#### TASK GOAL
The entries below should be quoted exactly, with no pictures carried over.
GIVEN RECORDS section start
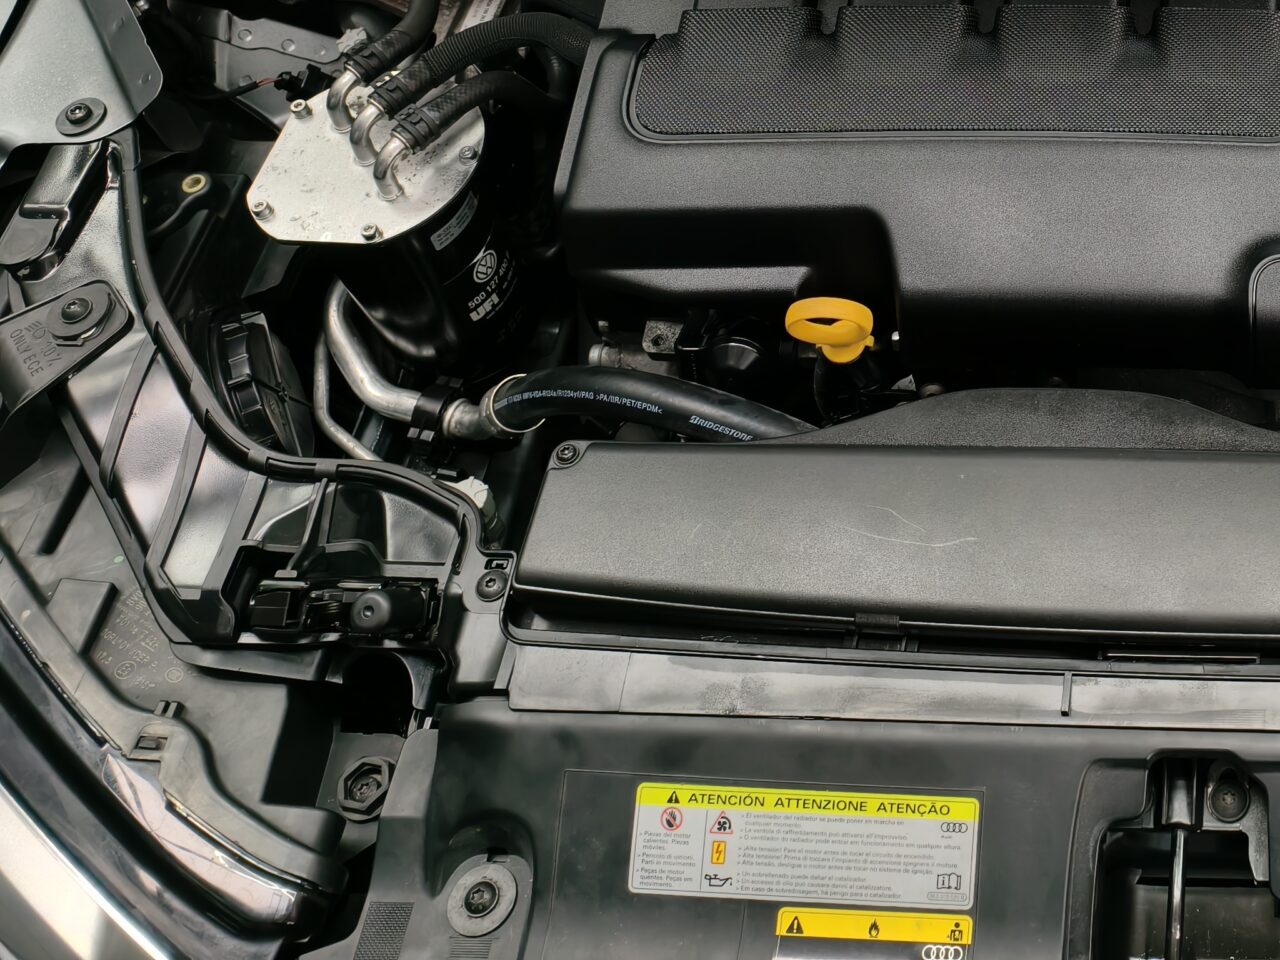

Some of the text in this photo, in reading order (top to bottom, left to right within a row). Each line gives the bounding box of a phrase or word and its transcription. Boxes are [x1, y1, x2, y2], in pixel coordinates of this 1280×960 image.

[486, 275, 498, 292] 127
[469, 292, 500, 322] UFI
[10, 328, 44, 376] ONLY ECE
[596, 393, 663, 414] >PA/IIR/PET/EPDM<
[689, 415, 754, 441] BRIDGESTONE
[688, 792, 950, 817] ATENCIÓN ATTENZIONE ATENÇÃO
GIVEN RECORDS section end
#### ANSWER SECTION
Some of the text in this photo, in reading order (top to bottom, left to right within a row). Each line gives the bounding box of a phrase or word and its transcription. Boxes are [x1, y1, x2, y2], in pixel coordinates of this 1280×960 image.

[486, 275, 498, 292] 127
[469, 292, 500, 322] UFI
[10, 328, 44, 376] ONLY ECE
[596, 393, 663, 414] >PA/IIR/PET/EPDM<
[689, 415, 754, 441] BRIDGESTONE
[688, 792, 950, 817] ATENCIÓN ATTENZIONE ATENÇÃO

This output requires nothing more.